The modern Bulgarians are a mixture of largely Slavic-Serb kinsmanship with other ethnic groups /Tatars, Turks etc/. The Bulgars /also Bolgars, Bulghars or Proto-Bulgarians/ were people who settled in the Eastern Europe during the Early Middle Ages. Their ethnicity is uncertain but most scholars posit that they were a Turkic people with some Iranian origins who migrated in the 4th century AD to Europe from the Central Asia. There are several similarities /highly significant from the ethnic point of view/ between the characteristics of the Indo-Iranian /who consisted of descendants of Sarmatians and late Scythians/ and the Proto-Bulgarian cultures from the period of the First Bulgarian Tsardom. These several cultural waves that entered Europe during the Migration Period were remnants of Indo-Iranian speaking societies that had formerly reached across the expansive Eurasian steppes since the Bronze Age, thereafter replaced by new Turkic and Mongolic speaking empires.
Bulgarians are the people of the Turkic origin /Hunnic-Onogur tribe/ from the central Asia – present Turkmenistan from where they started migration towards the Balkans at the end of the 2nd century AD and have settled in the area between the Black Sea and Caspian Sea north of the Caucus and east of Volga River and west of Don River in the period from the 4th till the 6th century. In 679-80, the Bulgar tribes /Bulgurs/ were persecuted by the Khazars from the banks of the Volga River and crossed the Danube River. There they subjugated the 7 Proto-Serb tribes – the 7 Slavic tribes with whom they founded a new common kingdom and permanently settled in the conquered country which matches the territory of present Bulgaria.
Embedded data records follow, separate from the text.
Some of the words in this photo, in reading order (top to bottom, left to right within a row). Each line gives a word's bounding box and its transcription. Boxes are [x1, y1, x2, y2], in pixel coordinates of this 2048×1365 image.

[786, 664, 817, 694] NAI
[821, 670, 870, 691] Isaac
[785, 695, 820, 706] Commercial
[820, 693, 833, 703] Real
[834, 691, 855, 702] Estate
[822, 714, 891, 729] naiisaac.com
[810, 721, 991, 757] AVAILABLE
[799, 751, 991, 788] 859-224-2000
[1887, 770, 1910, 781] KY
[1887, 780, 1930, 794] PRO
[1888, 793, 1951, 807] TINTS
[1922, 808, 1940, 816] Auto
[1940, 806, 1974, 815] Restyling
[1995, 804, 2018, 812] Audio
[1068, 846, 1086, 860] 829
Unified Bulgarian ethnicity and statehood after they became Slavs – the Serbo-Bulgarians dates back to the 7th century AD /680—864/, when Bulgurs took over the region and established two states on the Pontic-Caspian steppe : Great Bulgaria which spanned between the Caspian Sea and Black Sea, and Volga Bulgaria on the territory that is now part of the Russian Republics of Tatarstan and Chuvashia. Likewise, the Serbo-Bulgarians imposed themselves in the Balkans as the elite ruling class of the Danube Bulgar Khanate. In all of these regions they gradually assimilated over a period of centuries by the local ethnic groups and by the 9th century had fully merged with the Slavs with whom they spoke the same Slavic language, giving rise to several modern peoples claiming descent from them: Volga Tatars and Chuvas, Balkars and Bulgarians.
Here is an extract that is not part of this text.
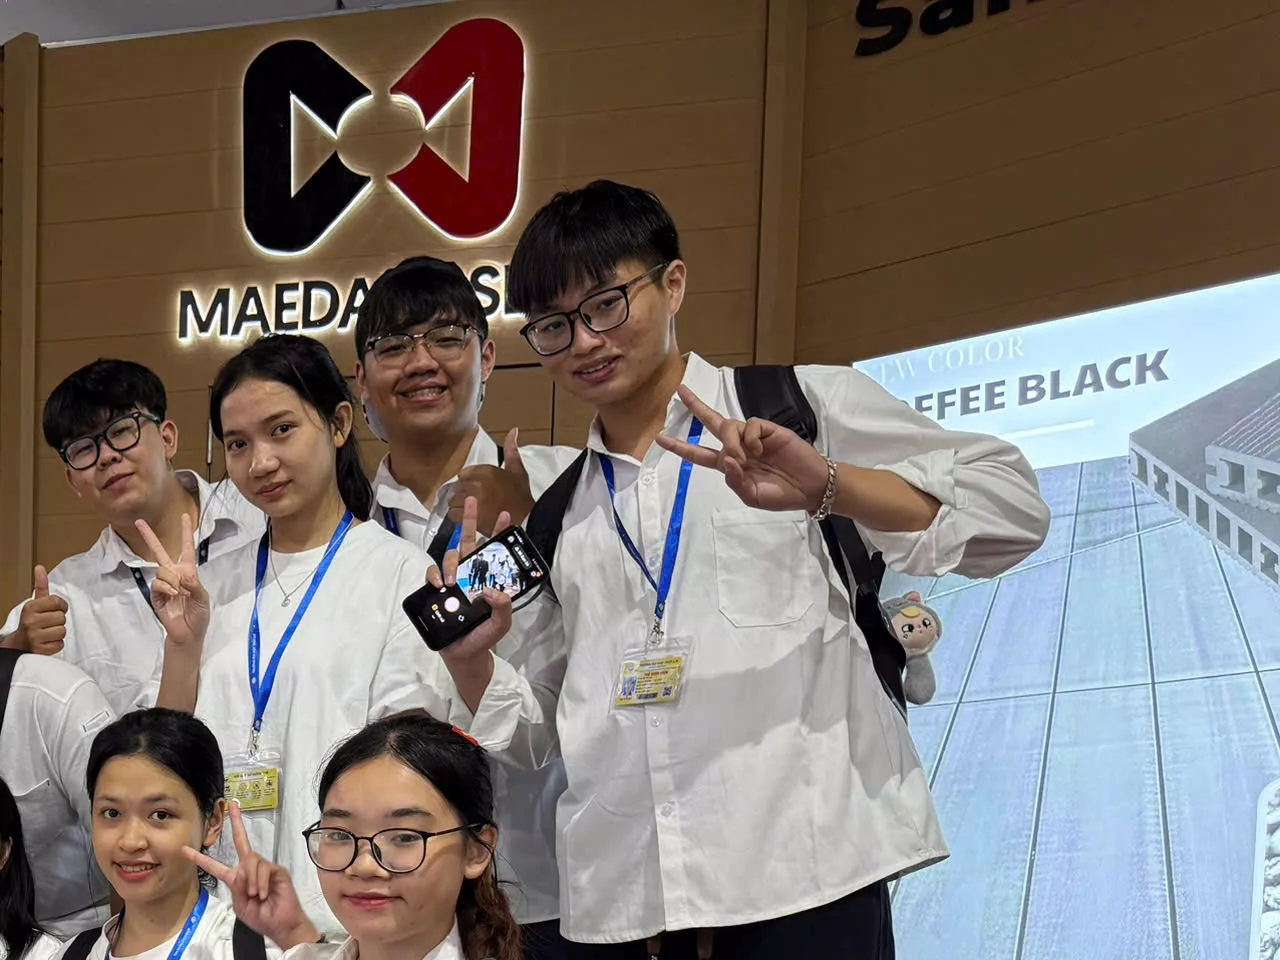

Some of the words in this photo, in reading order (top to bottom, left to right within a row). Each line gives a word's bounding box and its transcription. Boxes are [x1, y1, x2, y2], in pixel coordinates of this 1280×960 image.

[178, 276, 371, 341] MAEDA
[912, 379, 1007, 421] FFEE
[1017, 347, 1171, 406] BLACK
[927, 337, 1025, 375] COLOR
The first Bulgarian Empire – first Bulgarian Tsardom /681-1018/, established by Khan Asparuhk soon emerged as an important Balkan power and a significant threat to the /Byzantium/- the Eastern Roman Empire equally ruled by the Greeks, Armenians, Serbs and Bulgarians. Khan Asparoukh headed west and reached the Danube River at the beginning of the last quarter of the 7th century. They founded independent tsardom that conquered territory from the Byzantine Empire – the Eastern Roman Empire while it was fighting the Arabs in the east and the south. The archaeological and textual evidences reveal that the Bulgars led by Asparoukh who settled on the both banks of the Danube River delta were a relatively numerous group of nomads with a robust military organization and significant experience in the military engineering which allowed them to built an extensive system of defenses in a relatively short period of time. The Byzantine Empire in 681 formally recognized Bulgar control over the area between the Balkans and the Danube River. In the formation of the Bulgarian state in 681 the Thracians are the third ethnic group involved in the creation of the Bulgarian nation. In 809 Khan Krum /ruled 803-814/ captured Sofia from the Byzantines, defeated /811/ Emperor Nicephorus I, besieged Constantinople, and withdrew only after obtaining yearly tribute. In 895 Bulgarian King Boris I adopted Christianity, and in 870 Constantinople recognized the independence of the Bulgarian church with the liturgy in Slav-Bulgarian language. Bulgaria became empire in 913 during the reign of Tsar Simeon the Great /893-927/ when the First Bulgarian Tsardom was created /913-971/. The Second Bulgarian Empire also included Macedonia /1014-1018/ and was establihed by the famous Tsar Samoil /1185-1422/, inhabited by the Serbs and the Bulgarians living in the common state.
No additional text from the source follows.